Some high deductible plans allow one to open an HSA, and others require a person have an HSA. The money in the HSA may have to be spent by the end of the year, or in some cases, is rolled over into the next year of coverage. Additionally, some HSAs do not allow a person to roll over the money from year to year. If it doesn’t get spent it is lost. This is hardly an advantage. As long as the money is not accessed for anything other than health care costs, it is not taxable. However, should the money be accessed, which is not always allowed, a person would pay full taxes.

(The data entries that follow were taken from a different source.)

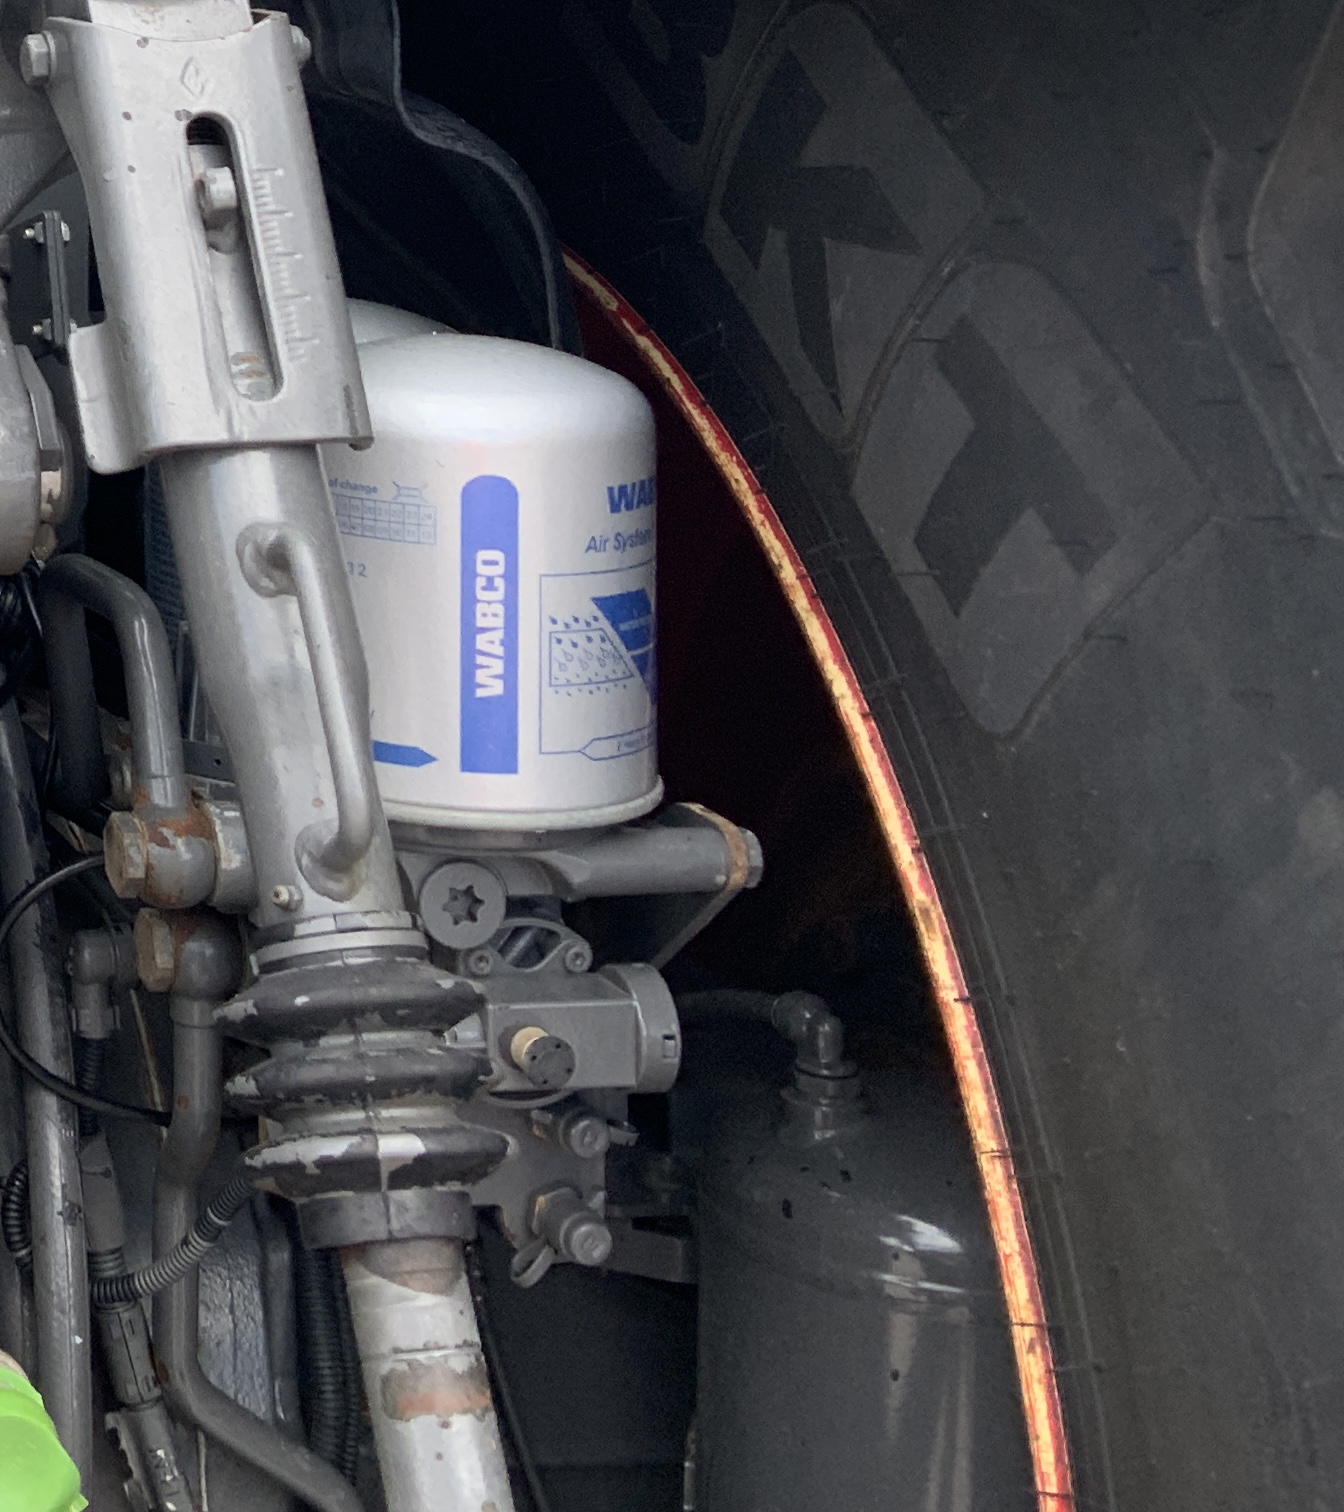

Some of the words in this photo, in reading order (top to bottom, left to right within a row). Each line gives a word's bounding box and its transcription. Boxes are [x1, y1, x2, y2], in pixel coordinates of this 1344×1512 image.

[339, 479, 378, 495] change
[584, 535, 610, 554] Air
[475, 549, 506, 699] WABCO
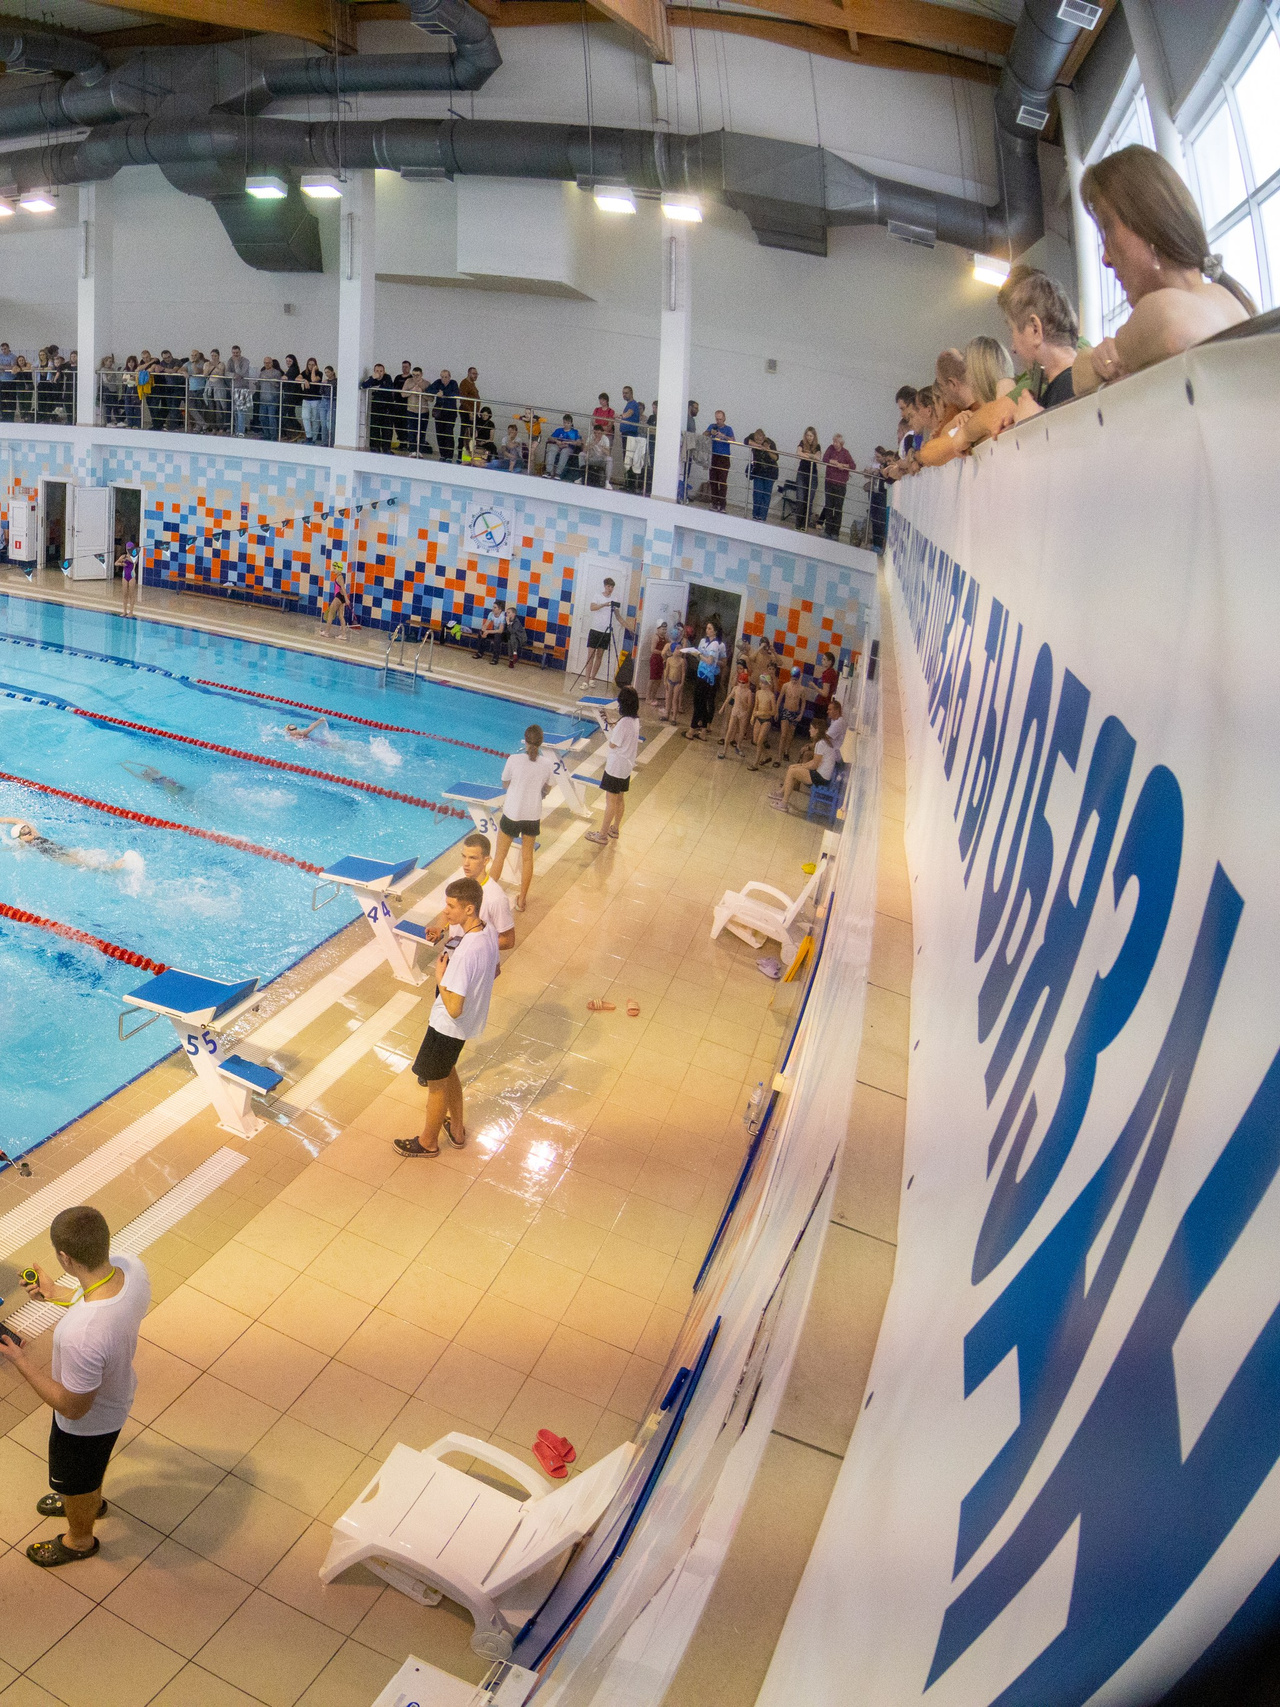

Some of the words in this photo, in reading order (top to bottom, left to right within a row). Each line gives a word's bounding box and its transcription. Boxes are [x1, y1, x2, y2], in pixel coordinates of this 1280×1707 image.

[954, 596, 1023, 890] ТЫ
[553, 762, 560, 775] 2
[479, 819, 488, 833] 3
[367, 906, 378, 923] 4
[381, 901, 391, 917] 4
[187, 1034, 199, 1056] 5
[202, 1030, 217, 1054] 5

In the high deductible plan, routine coverage like preventative care, or even visits to the doctor for an illness are generally not a part of the deductible. People may pay a small co-payment or no co-payment for these types of care visits. Prescriptions may also be purchased at a discount without needing to pay the deductible first.
The logic behind the high deductible plan is that people may be able to save money in premiums. However, if an emergency arises, and people require more than basic care, they are likely to quickly lose savings from a lower premium, by paying out a large deductible. It’s difficult to predict sudden illnesses or emergencies, so it is something of a gamble on the part of the high deductible plan purchaser.
Further not all who enroll in a high deductible plan have an HSA. They may be unable to meet deductible debt, and may find their credit-worthiness quickly sinking if medical bills become difficult to pay. The high deductible plan with an HSA is usually the best bet, particularly if one is still earning income, and is relatively young.
Programs like Medicare now offer high deductible plan options, but some analysts believe these options are not great for those with smaller incomes. Some preliminary studies have found that some people go without needed care because they can’t pay the deductible, or even go without preventative care or medications because they can’t meet the co-payments.
The high deductible plan does protect the person with considerable assets. People who can open an HSA with the deductible protect themselves at a relatively low cost from very expensive medical treatments that might have them reaching into retirement funds or losing assets. A high deductible plan with a cap on spending may not be a good investment since three or four days in a hospital can quickly reach a low cap.
Often the high deductible plan works like an HMO or PPO in some respects, because it has a group of doctors one can see that will not incur higher co-payments. PPO plans are often better for some because they give a person access to a greater number of doctors. Yet doctors outside of the health plan’s network may cost more than a standard co-payment.